From astrophysics researcher to biometric authentication researcher
Before entering NEC in 2018, I had carried out research in astrophysics for about 10 years, including my time at graduate school and at a research institute in Germany. When my research entered a period of stability, I decided to take the opportunity to enter NEC. At the time, I thought that I would like to pursue machine learning and artificial intelligence as new research themes.
I became interested in these fields through my research in astrophysics. In cutting-edge astrophysics research that uses numerical simulations, data is handled in enormous volumes on the order of petabytes, which are larger than terabytes. As might be expected, such vast amounts of data pose limitations on the data analysis that can be performed by humans. Consequently, my calculations were performed using the K supercomputer, which is the fastest in Japan. As part of the analysis, I used elementary machine learning technology. While working with the technology, I had a growing interest in this field, considering that the technology would make giant leaps forward in the future. I started thinking that I might like to take it up as a new research theme.
The transition from astrophysics to biometric authentication is a pretty significant change. The biggest difference is the sense of time involved in the research. In astrophysics, the theories can in some cases take 100 or even 1,000 years to verify. The main research subjects involve phenomena that occur at distances of over 1,000 light-years from our planet. However, in biometric authentication, if all goes well, the technology can spread all around the world a year after it is developed (laughter). I think that this sense of speed is a big difference between them.

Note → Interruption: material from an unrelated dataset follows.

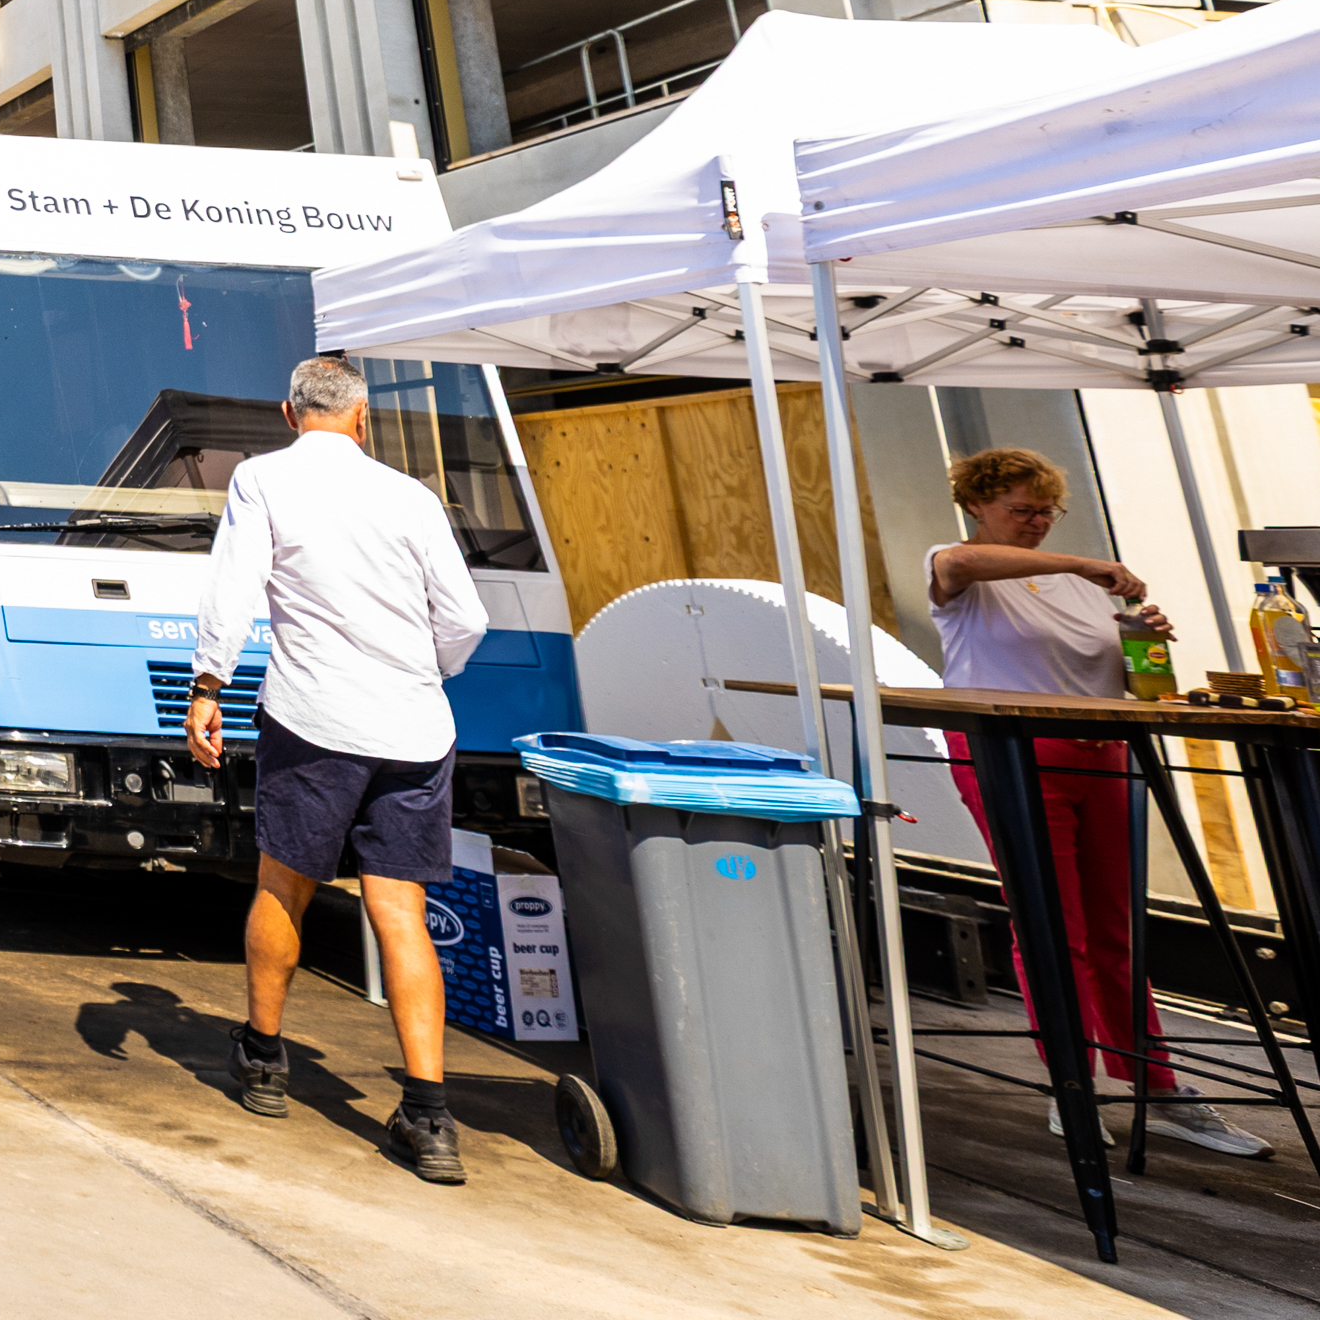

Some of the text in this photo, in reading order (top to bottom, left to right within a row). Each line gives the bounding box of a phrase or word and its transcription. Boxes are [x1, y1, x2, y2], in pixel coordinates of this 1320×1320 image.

[7, 187, 393, 234] Stam + De Koning Bouw
[513, 943, 560, 956] beer cup
[489, 946, 509, 1028] beer cup

Another big difference is the knowledge, so I had to learn a lot of new things. However, the basic approach to research and the mathematical fundamentals are the same. With support from my superiors and peers, I have been able to advance my career smoothly.

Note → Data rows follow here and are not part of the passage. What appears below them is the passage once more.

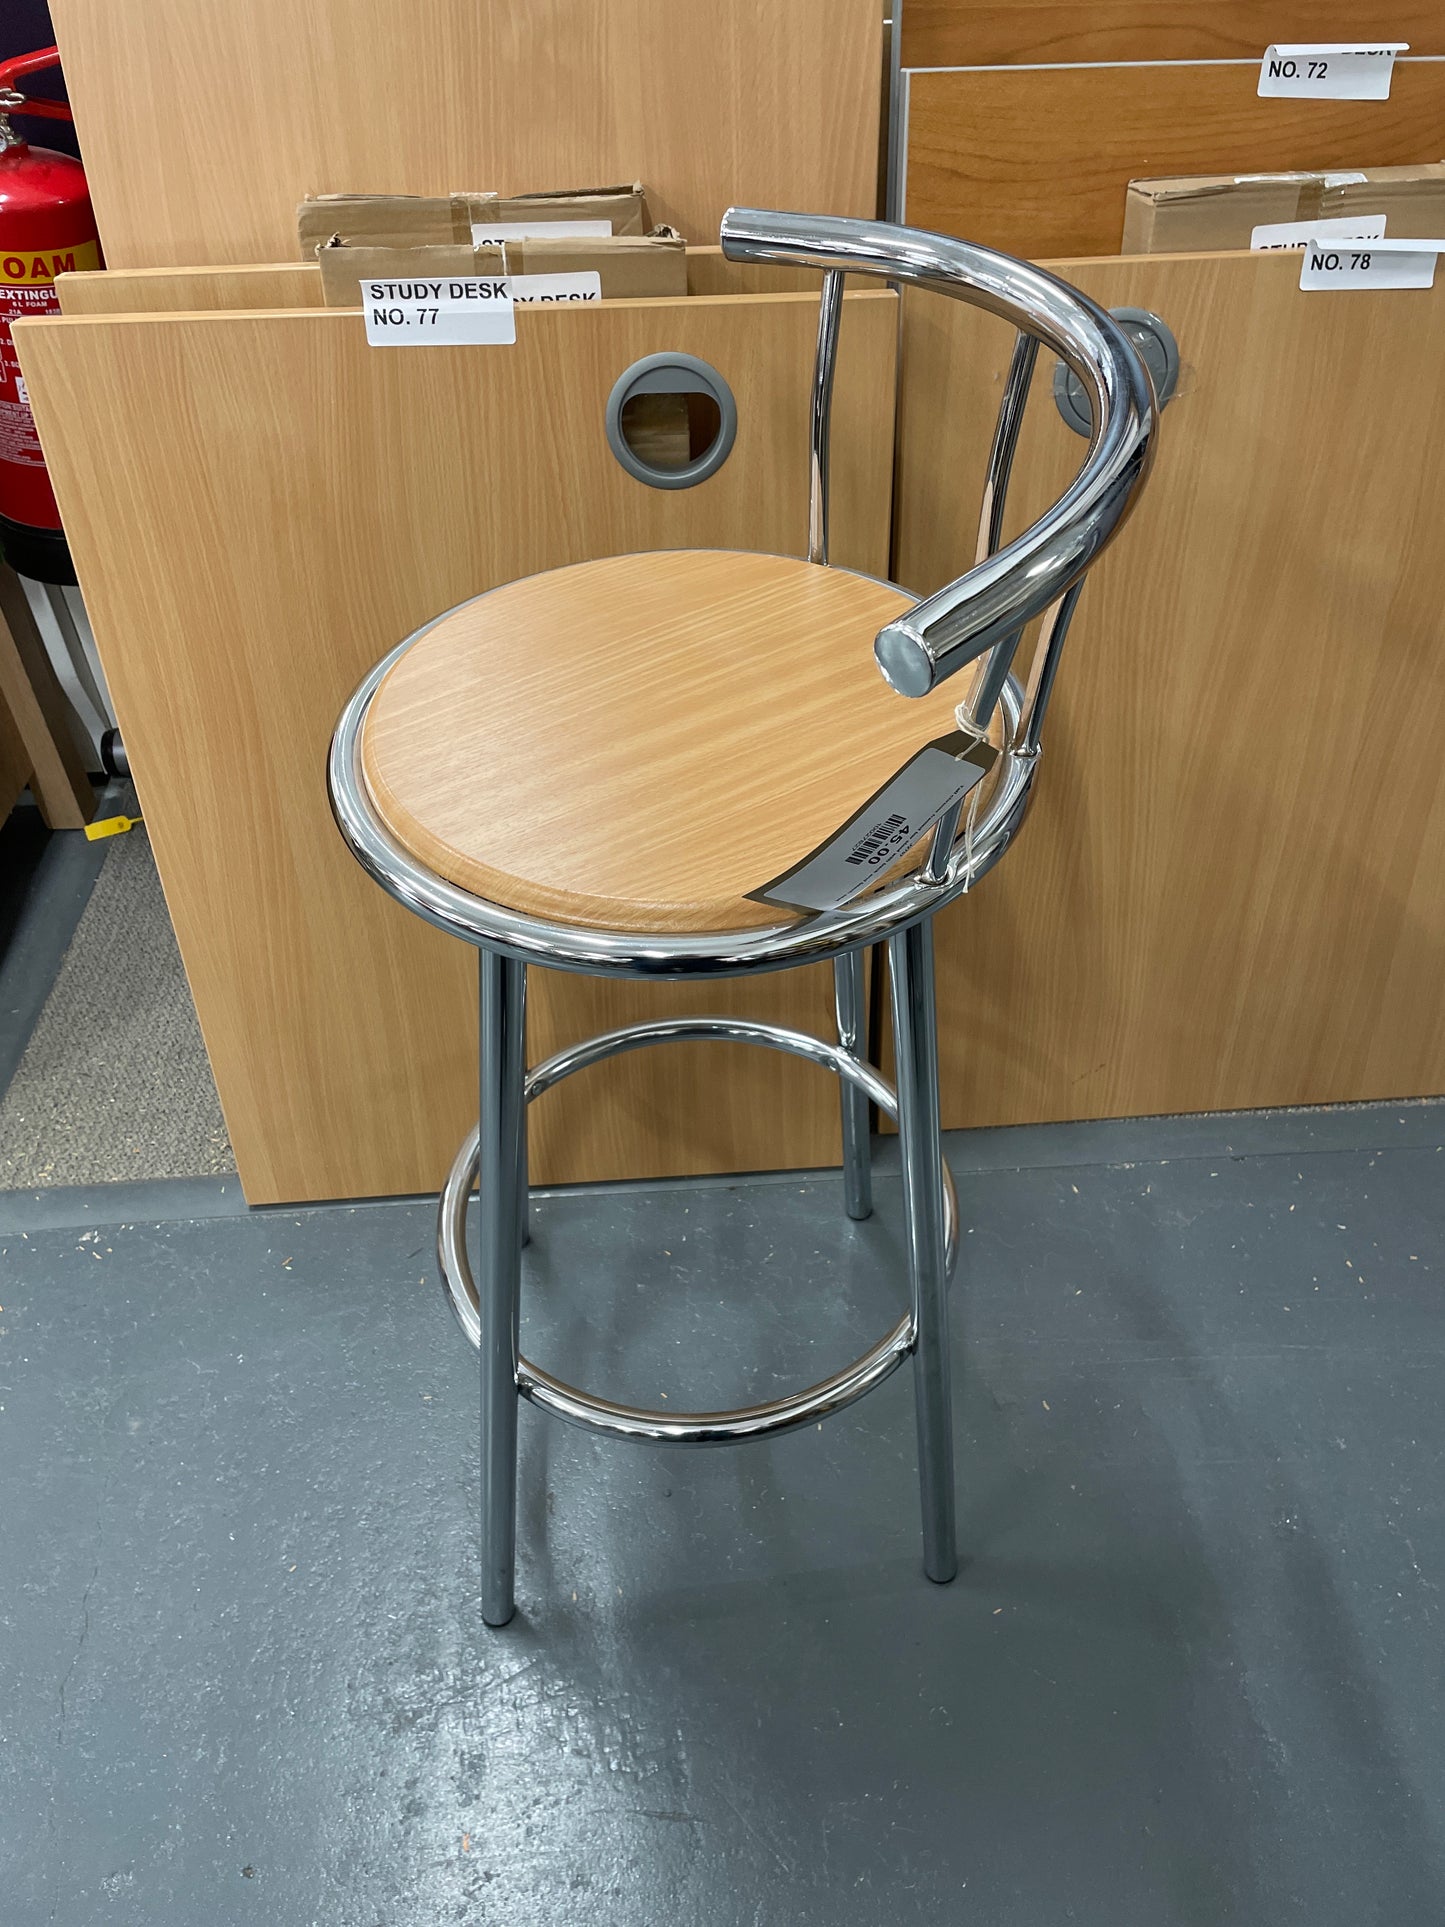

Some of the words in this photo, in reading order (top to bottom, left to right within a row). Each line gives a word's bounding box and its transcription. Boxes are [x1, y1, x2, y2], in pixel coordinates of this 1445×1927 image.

[1268, 60, 1300, 78] NO.
[1307, 62, 1328, 79] 72
[1311, 254, 1343, 271] NO.
[1351, 253, 1371, 270] 78
[371, 283, 442, 300] STUDY
[450, 282, 508, 299] DESK
[373, 308, 410, 326] NO.
[416, 308, 440, 325] 77
[867, 824, 910, 865] 45.00

Striving for new possibilities by drawing on expertise from other fields
I am currently working on biometric authentication that uses face recognition, as a member of the team led by Hitoshi Imaoka. In 2018, I was also involved in the development of an engine for determining face orientation in a face recognition system.

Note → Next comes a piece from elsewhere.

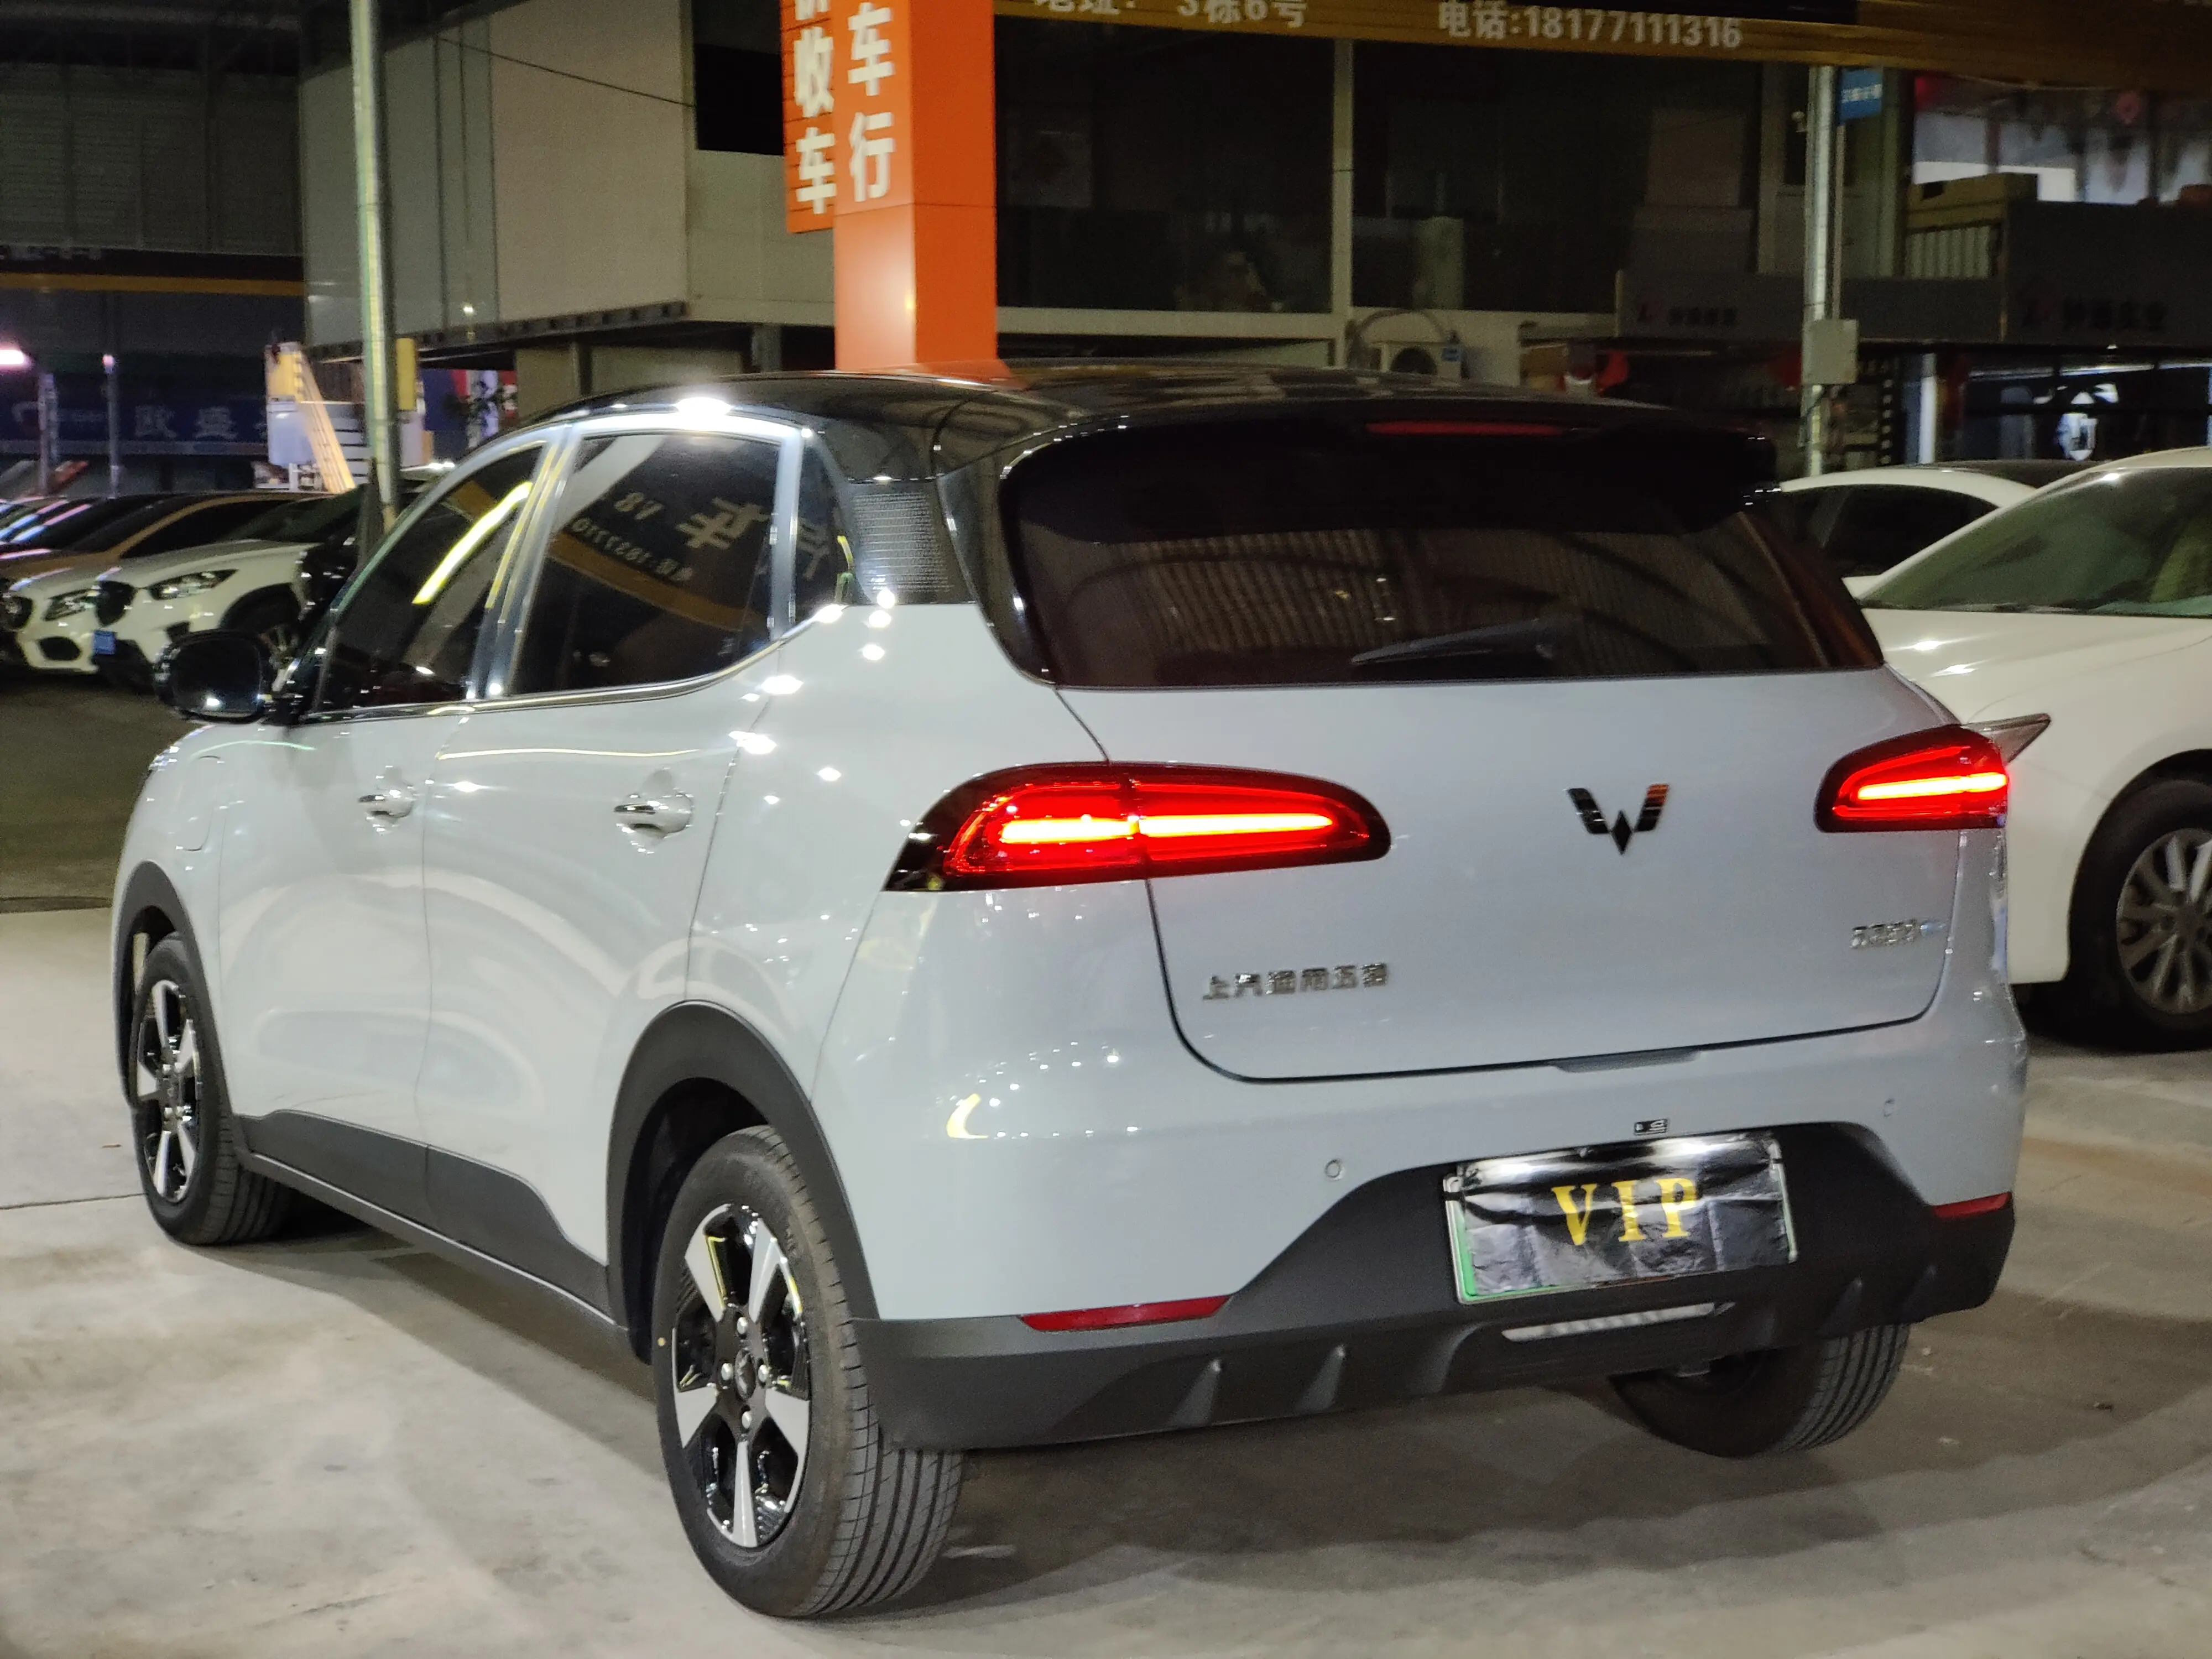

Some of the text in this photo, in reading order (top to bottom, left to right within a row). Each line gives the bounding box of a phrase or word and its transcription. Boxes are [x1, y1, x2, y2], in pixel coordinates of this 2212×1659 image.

I am still getting accustomed to conducting research in a new field, but eventually I would like to make use of my research expertise to create new technology. I think that knowledge and concepts from different fields are an extremely powerful tool, regardless of the area. Knowledge and concepts that did not previously exist in that area can cultivate new applications and ideas. As Nobel Prize winning scholars often say, thinking unconventionally and coming up with astonishing ideas can lead to new innovations. In the fields of machine learning and artificial intelligence, there is a large community of researchers and the pace of development is extremely rapid. For this reason, as long as doing the same things as other companies with large-scale operations, we might go down to defeat. There is remarkable technological evolution in deep learning, which is at the core of the present machine learning field. The question now is what to do with this technology, or how to come up with an approach that nobody has considered, from all the countless possibilities. In machine learning and artificial intelligence research, this is the key.
I believe that, as somebody with experience in astrophysics research, my way of thinking and knowledge can lead to the pioneering of new possibilities in machine learning and biometric authentication technology. Now, as I prepare to start my second year at NEC, I hope to pursue this possibility more ambitiously.
Work environment that is conducive to raising children
Another thing that makes me feel glad about entering NEC is the extremely comfortable work environment. My superiors recommend that I take my vacation time, and they are very mindful of my working hours. In the time that I have been here, I have never been forced to work overtime.
I am presently employed under the discretionary work system, so I have a flexible work style that allows me to adjust my schedule around the end of business hours of 5:35 PM. This gives me plenty of time to spend with my family after I return home, so that I can take a bath with my first child who was born in February 2018, and cook to feed the baby. NEC has a childcare leave system that allows employees to take time off work for childcare, regardless of their gender. It is also a large company, so a variety of benefits and systems are available including social security. I still do not have a good grasp of what is offered (laughter).
Before I entered NEC, I was working as a post-doctorate at a university. Compared to that situation, the environment at NEC is much more comfortable to work in. It is very helpful to be able to work in a good working environment that even supports raising children.